# Science's Principles of Good Manners



## science (Oct 14, 2010)

1. If you have an exceptionally annoying laugh, do not think of funny things in public, or hang out with funny people. 

2. If you are hanging out in public with a person who has an exceptionally annoying laugh, do not say funny things more than a few times an hour. 

3. If principles #1 and #2 are violated too frequently, such that the individual with the annoying laugh continually fills the room with that crap, then said individual is subject to physical punishment to be administered by any humanitarian vigilante present, and anyone guilty of saying funny things to said individual are to be relentlessly shunned by people of moral fiber. 

Upon encountering more examples of bad manners, I will expand these principles.


----------



## EddieRUKiddingVarese (Jan 8, 2013)

All I'll say is you had better not listen to WOITFTM (Were Only In It For The Money) or Lump Gravy by Frank Zappa, as they going on the above would not be considered (and probably arnt by most people anyway), good manners.

Both contain raucus laughter - including All-Night John (the manager of the studio) and Louis Cuneo, who was noted for his laugh, which sounded like a "psychotic turkey".


Lumpy Gravy was conceived as a short oratorio, written in eleven days, with John Cage serving as a major influence on the album. Zappa also named his group assembled for the sessions the "Abnuceals Emuukha Electric Symphony Orchestra".


----------



## Chi_townPhilly (Apr 21, 2007)

Made me think of Ko-Ko (Lord High Executioner)'s "Little List" song from _The Mikado_

_"There's the pestilential nuisances who write for autographs,
And people who have flabby hands and irritating laughs...

For it really doesn't matter whom you put upon the list, 
For they'd none of them be missed-
They'd none of them be missed."_


----------



## Ukko (Jun 4, 2010)

Any laugh can be annoying, in some contexts. I am prone to 'finding' them.


----------



## Xaltotun (Sep 3, 2010)

My, my, aren't you feeling grumpy today, Science!


----------



## Weston (Jul 11, 2008)

If I may submit a principle for consideration - 

Avoid non-stop chatting. Those who have their every thought streaming from their mouths have none left for their heads, and it shows.


----------



## Sid James (Feb 7, 2009)

Good advice science. Reminds me in school there was a classmate of mine with a very wierd laugh. & one teacher told him "change your laugh!" It was not just advice but an order. Don't remember if his laugh changed or not after though...


----------



## EddieRUKiddingVarese (Jan 8, 2013)

Weston said:


> If I may submit a principle for consideration -
> 
> Avoid non-stop chatting. Those who have their every thought streaming from their mouths have none left for their heads, and it shows.


Звук ужасно скучно


----------



## LordBlackudder (Nov 13, 2010)

i prefer an annoying laugh to the type that never gets anything ever.


----------



## Hausmusik (May 13, 2012)

I am awaiting further principles, Science.


----------



## kv466 (May 18, 2011)

The basis for any relationship I have is laughter and make one another laugh.


----------



## Xaltotun (Sep 3, 2010)

And I come from a country where laughing is so rare that even annoying laughter feels like a blessing! Supply and demand, I guess!


----------



## Novelette (Dec 12, 2012)

This kind of laugh?






[Please forgive me for posting this]

:angel:


----------



## science (Oct 14, 2010)

4. If you own the restaurant that serves the best lasagna in Seoul (not as great an accomplishment as it might be in other cities) you should not close before 4 am.


----------



## deggial (Jan 20, 2013)

how about annoying, affected, high pitched and/or overly nasal voices (hint: most girls in sitcoms)? Drive me up the wall...


----------



## starthrower (Dec 11, 2010)

Jim Carrey, anyone?


----------



## Weston (Jul 11, 2008)

deggial said:


> how about annoying, affected, high pitched and/or overly nasal voices (hint: most girls in sitcoms)? Drive me up the wall...

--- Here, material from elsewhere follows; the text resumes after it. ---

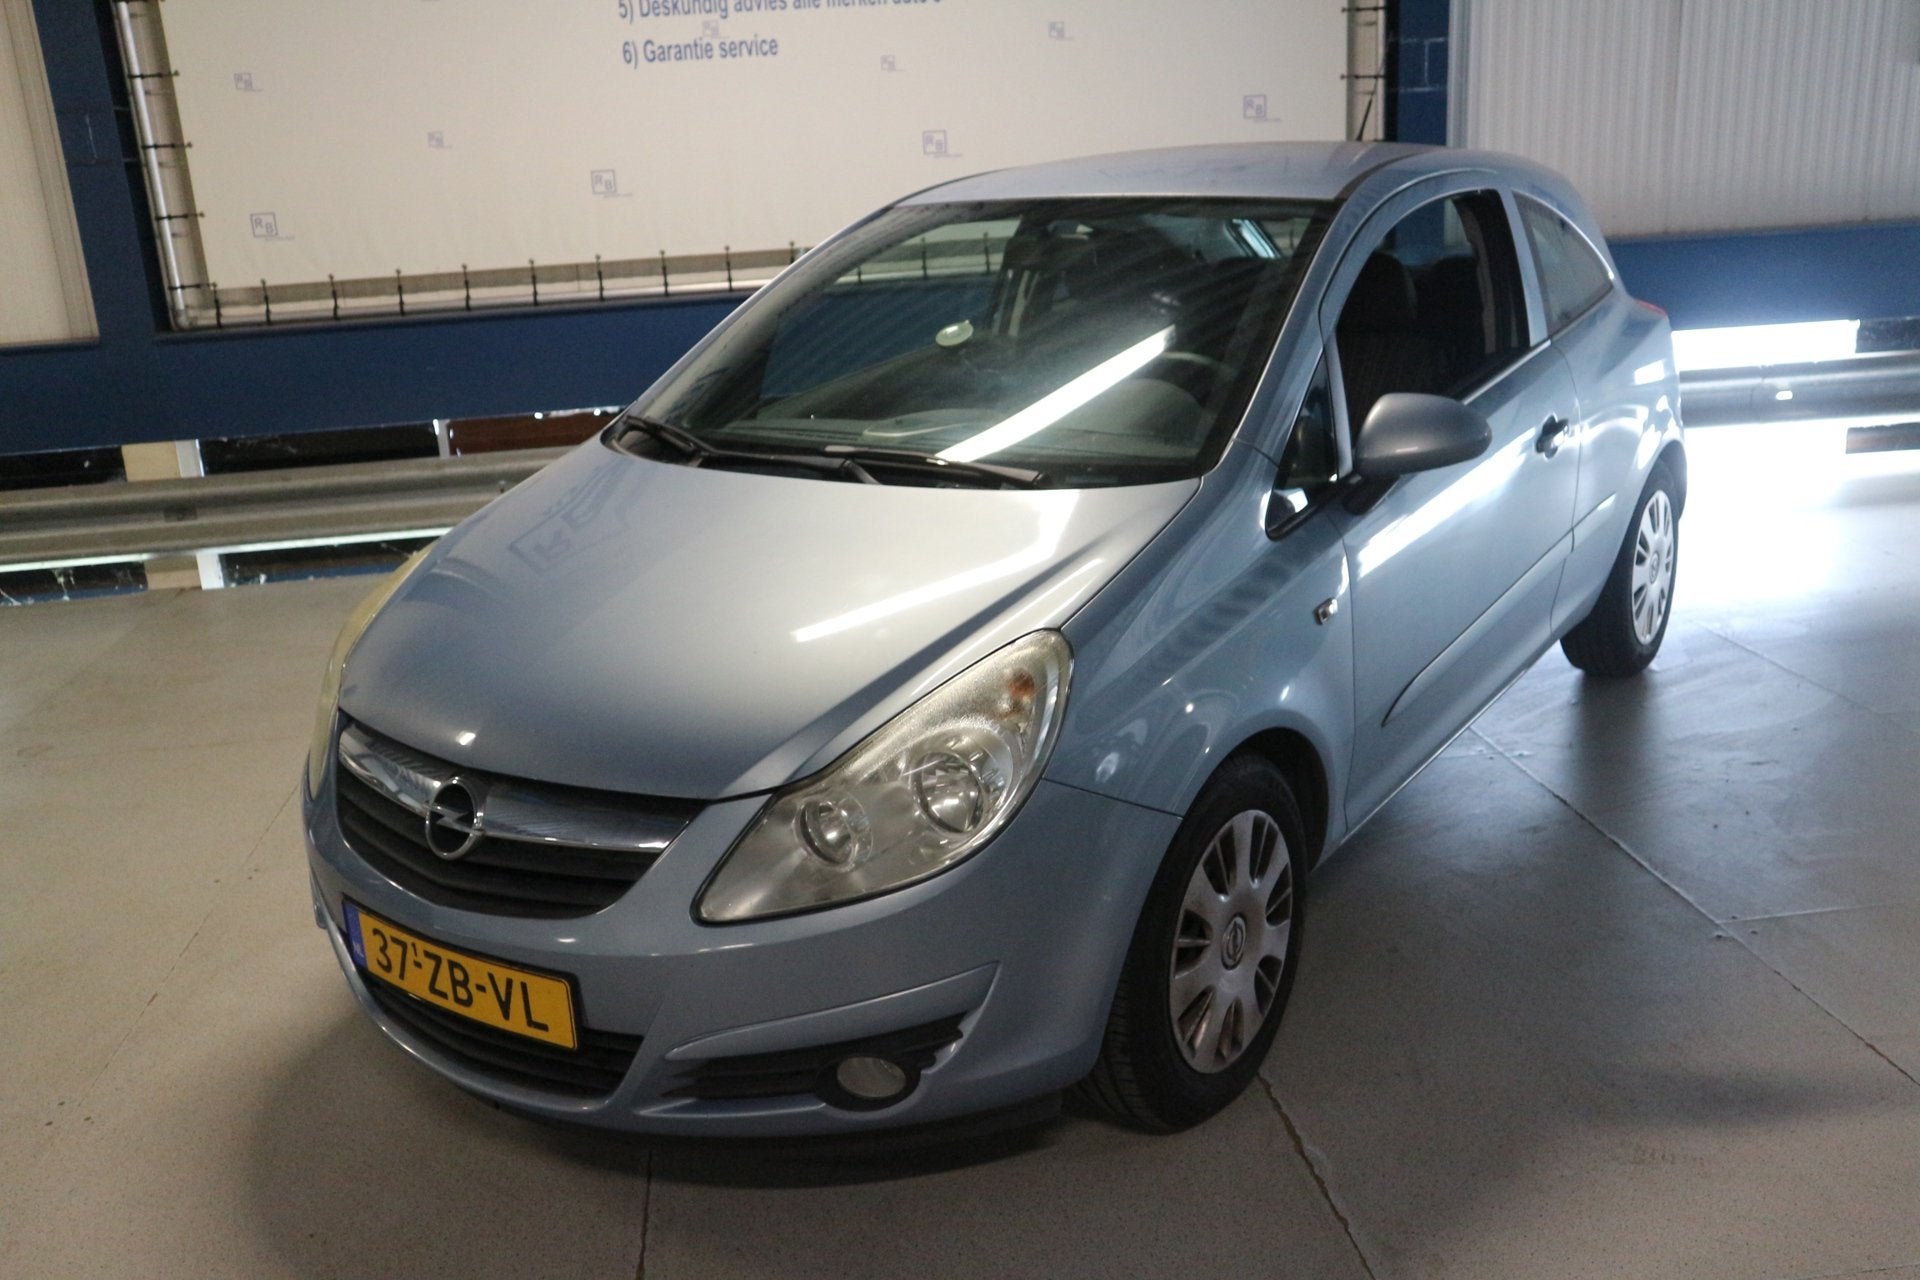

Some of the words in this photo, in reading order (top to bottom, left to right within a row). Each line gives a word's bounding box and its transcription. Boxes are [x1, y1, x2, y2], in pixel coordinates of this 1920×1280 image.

The very reason I don't watch sitcoms. Well that and the predictable humor. Oh, and the fake sounding canned audience laguhter. I don't think there is as much of that any more.


----------



## deggial (Jan 20, 2013)

Weston said:


> The very reason I don't watch sitcoms. Well that and the predictable humor. Oh, and the fake sounding canned audience laguhter. I don't think there is as much of that any more.


there is! lots of people I know watch The Big Bang Theory and I can't stand... anybody's voice. I said sitcoms, but not just that; it's plentiful in other shows as well; sort of "the Hollywood" speak or various local London accents (as heard in gems like The Eastenders or any bus/tube ).


----------



## EddieRUKiddingVarese (Jan 8, 2013)

Australian Principles of Good Manners and other sayings (edited version for the uninitiated)

1. Never complain, never explain
2. It is long accepted by the missionaries that morality is inversely proportional to the amount of clothing people wore
3. The bigger the hat, the smaller the property
4. A wowser is...a person who is more shocked at seeing two inches of underskirt than a mountain of misery
5. Always back the horse named self-interest, son. It'll be the only one trying
6. As a work of art, it reminds me of a long conversation between two drunks
7. May as well be here we are as where we are
8. When you play test cricket, you don't give the Englishmen an inch. Play it tough, all the way. Grind them into the dust
9. It's no good crying over spilt milk; all we can do is bail up another cow
10. It is better to be defeated on principle than to win on lies - (don't think that works even in oz anymore)


----------